Beyond Sketches Of Spain – Tete Montoliu And The Construction Of Iberian Jazz

Arizona prof connects the swinging Catalan with 'the speed, spontaneity and shifting conditions of urban modernity'

2077

Although this book is obviously written by one man it could easily be perceived as written by two. One is the piano-playing jazz enthusiast, whose father’s record collection had inspired that enthusiasm and who one day stumbled on a record called Catalonian Folksongs by pianist Tete Montoliu. The other is the academic who is professor of Iberian Studies at the University of Arizona and executive editor of the Journal Of Urban Cultural Studies.

The parts of the book written by the first of these two are those which please me most. They include a great deal of biographical detail for Montoliu (which was mostly new to me) and helpful appraisal of many of his recordings.

On the other hand the academic chose to start the book with a rebuttal of comments made about jazz by the German philosopher Theodore Adorno in the 1930s.

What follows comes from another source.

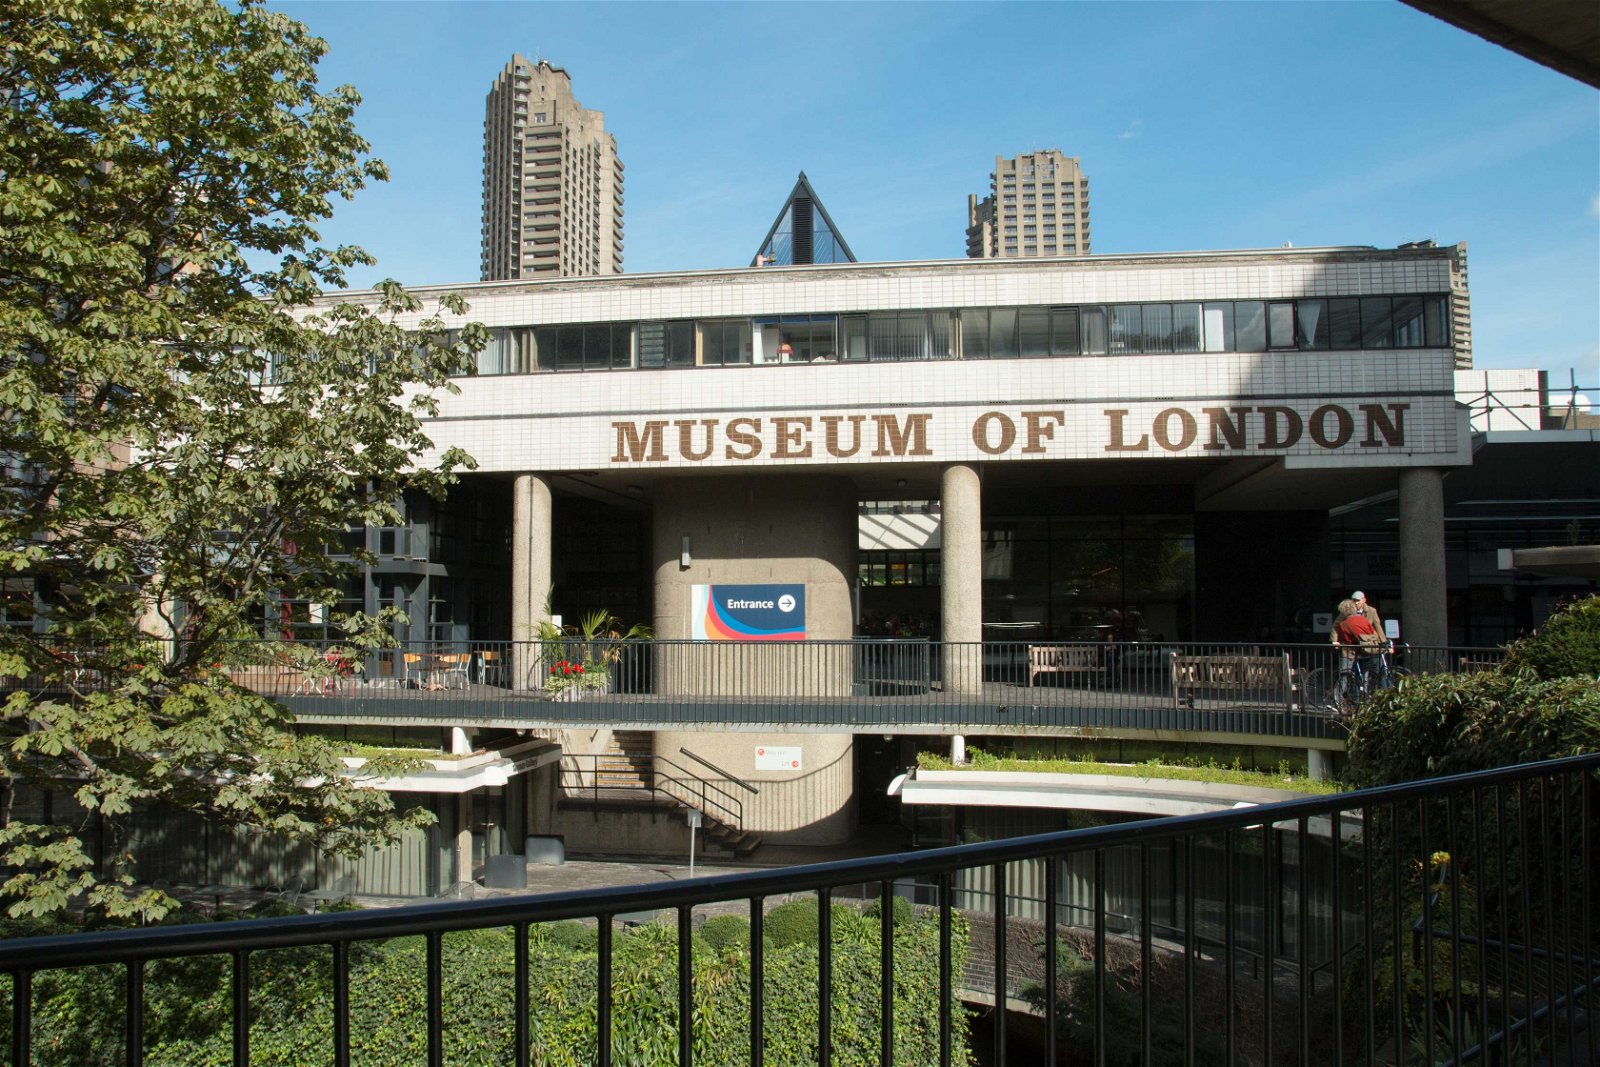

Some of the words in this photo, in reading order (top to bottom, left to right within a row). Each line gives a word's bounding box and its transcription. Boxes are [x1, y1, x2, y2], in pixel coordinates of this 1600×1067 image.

[611, 413, 933, 463] MUSEUM
[972, 410, 1065, 455] OF
[1104, 403, 1410, 453] LONDON
[727, 599, 774, 609] Entrance

In contrast to Adorno’s ideas he applauds the concept of “jazz as critique” (though after finishing the book I still have no idea what that means).

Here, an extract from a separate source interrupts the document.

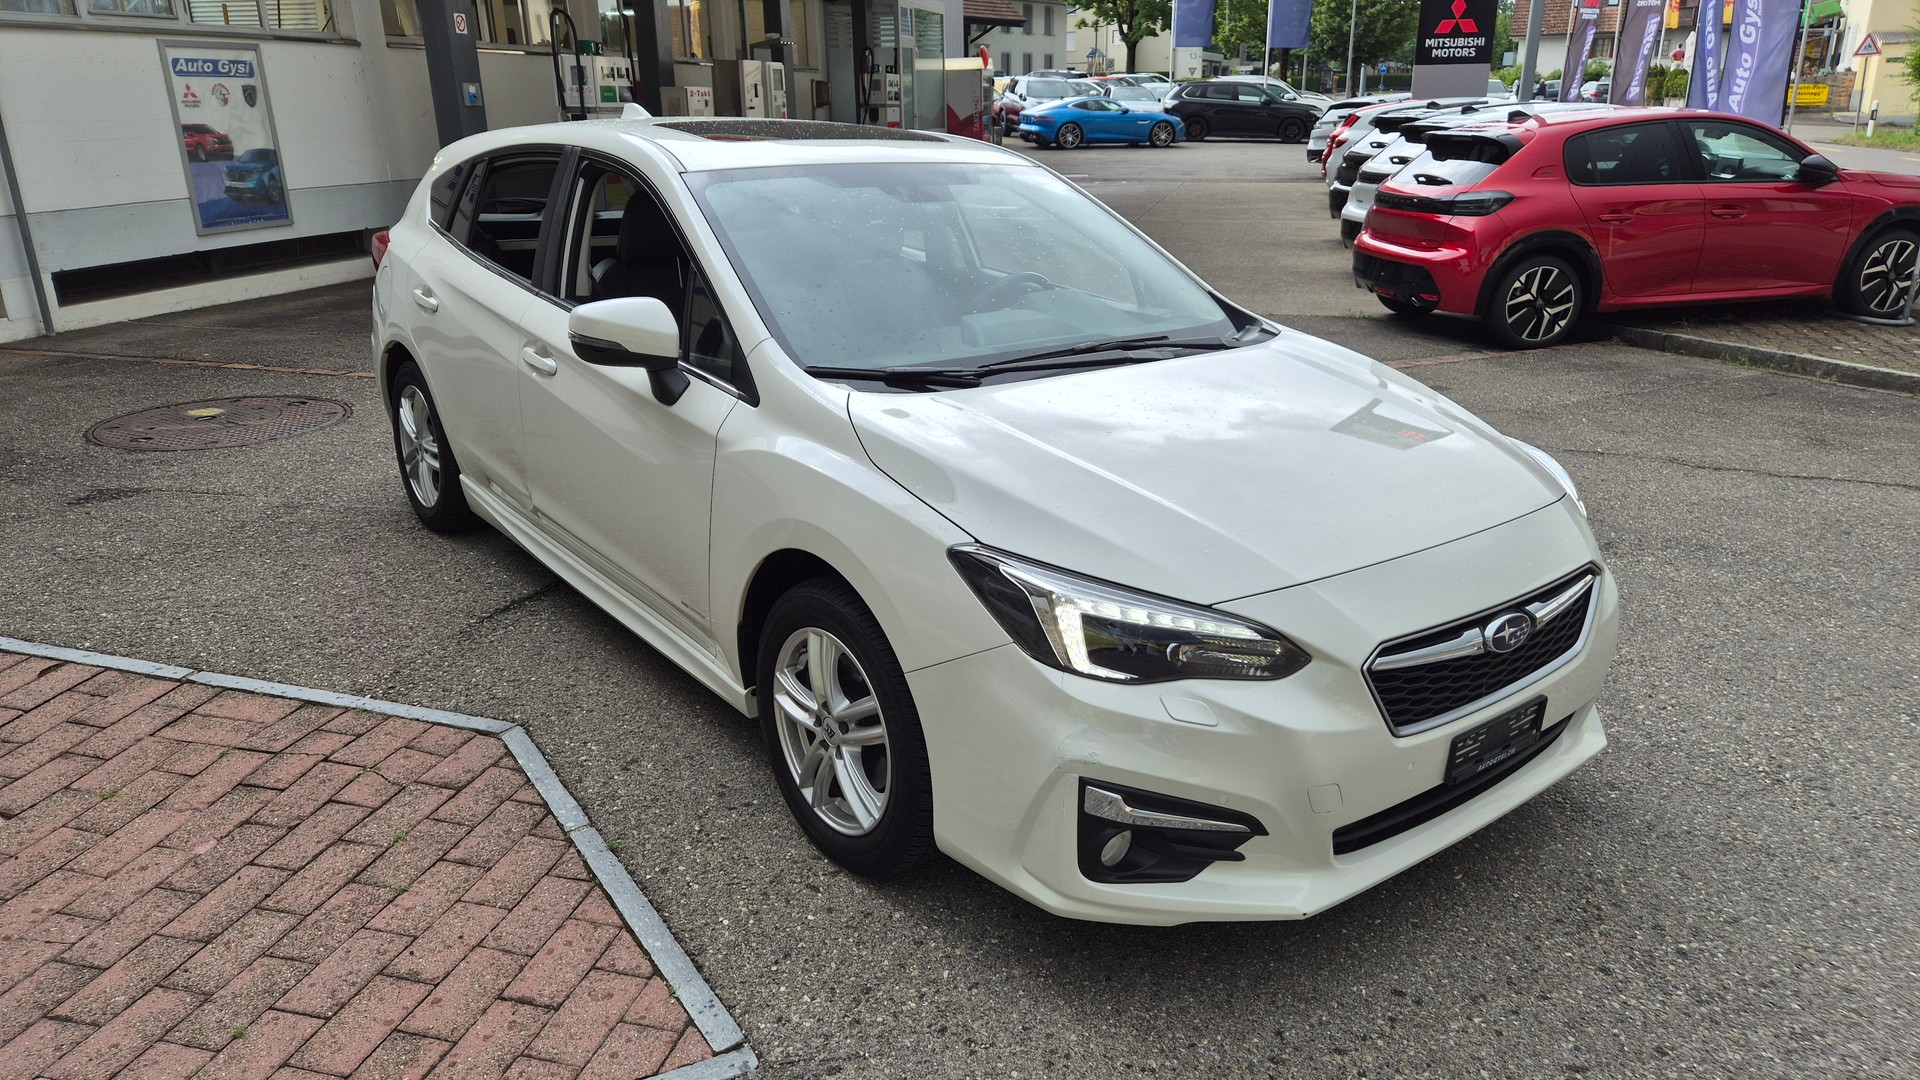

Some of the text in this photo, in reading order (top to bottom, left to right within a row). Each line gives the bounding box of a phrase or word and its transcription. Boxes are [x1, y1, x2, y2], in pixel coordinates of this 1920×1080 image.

The academic also entitles the third of four chapters as The Urban Soundscapes Of Modern Jazz and this includes a subsection called “Tete and The Speed, Spontaneity and Shifting Conditions of Urban Modernity”. The fourth chapter, which I found rather more interesting, is called Blues, Braille And The Narrative Of Blindness, written because Montoliu was blind from birth.

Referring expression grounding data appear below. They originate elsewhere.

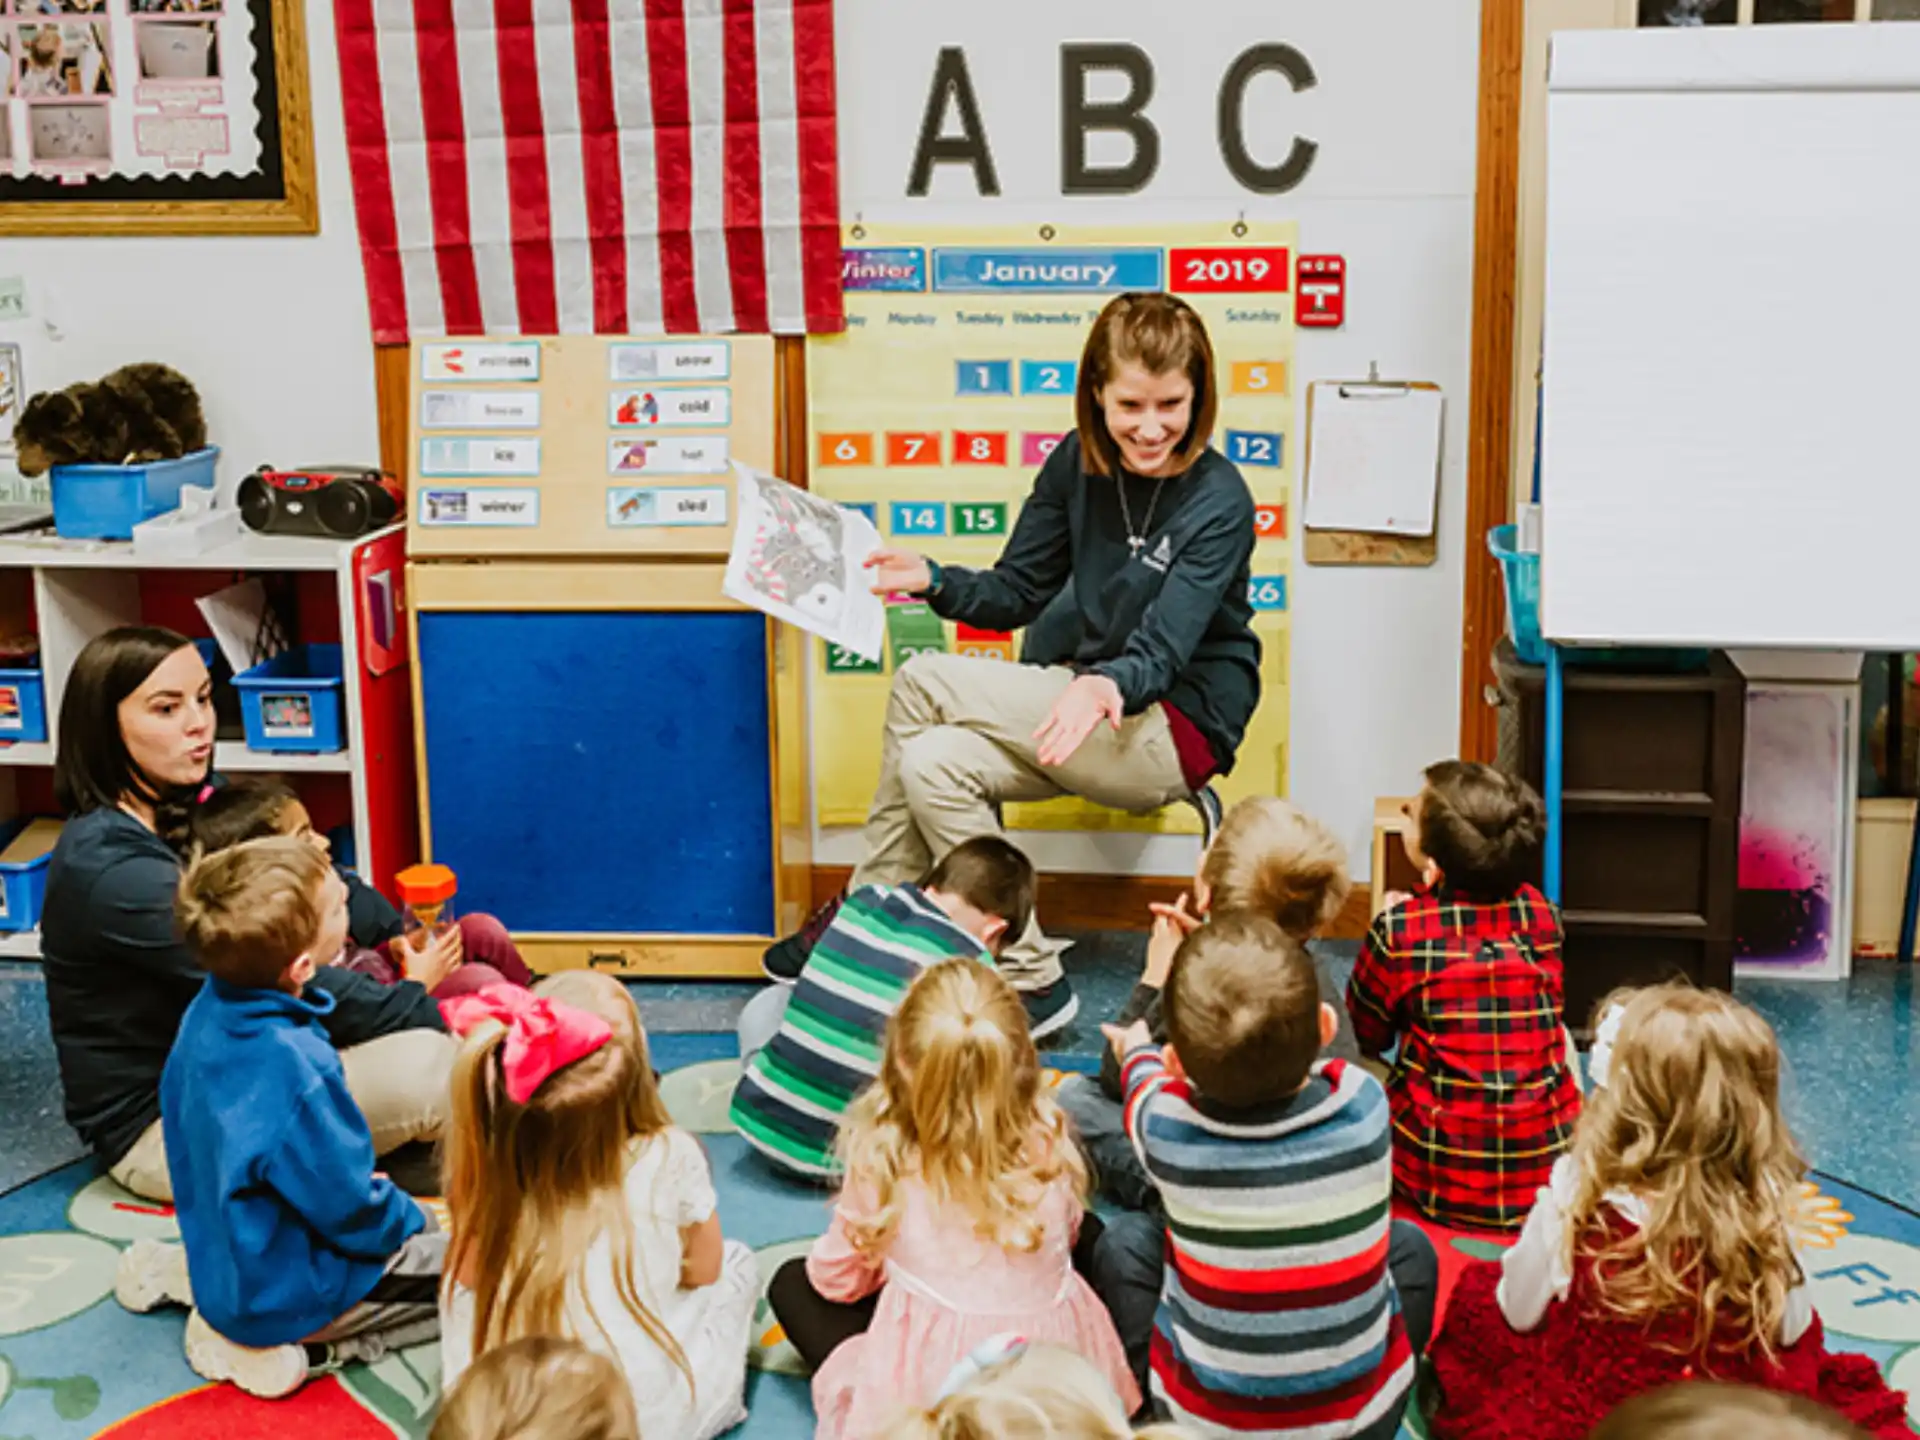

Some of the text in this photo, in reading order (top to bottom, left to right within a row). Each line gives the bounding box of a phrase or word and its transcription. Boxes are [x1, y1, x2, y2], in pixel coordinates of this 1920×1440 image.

[906, 42, 1319, 197] A B C
[978, 260, 1117, 287] January
[1185, 257, 1270, 281] 2019
[888, 312, 937, 326] Monday
[956, 311, 1004, 326] Tuesday
[1012, 311, 1081, 326] Wednesday
[1225, 308, 1281, 323] Saturday
[975, 366, 1269, 389] 1 2 5
[834, 440, 857, 459] 6
[904, 439, 924, 459] 7
[970, 437, 991, 459] 8
[1234, 437, 1271, 459] 12
[900, 508, 936, 529] 14
[962, 508, 997, 530] 15

Apart from the sections of the book devoted entirely to Montoliu there’s a good deal of general and historical discussion of cultural and political aspects of Spain in the 20th century and this is certainly relevant and valuable. However, the book’s subtitle includes the words “the construction of Iberian jazz”. With its concentration on a single musician the book implies that few others in Spain were playing jazz.

Having played in Spain in 1978, in a jazz band which included three musicians from Barcelona, I’m aware that in Montoliu’s shadow there were others keeping the Catalan jazz flame alive. This book could have been considerably enriched if the author had travelled to Barcelona to talk to some of them about Montoliu and his significance to them and their jazz activities.

Nevertheless, as an acknowledgement of the dedication and achievements of an unusual and talented musician, the book deserves to be read by those interested in this pianist. And, although the humour is unintentional, there’s a delightful moment on page seven when the erroneous impression is given that Ben Webster spoke fluent Catalan!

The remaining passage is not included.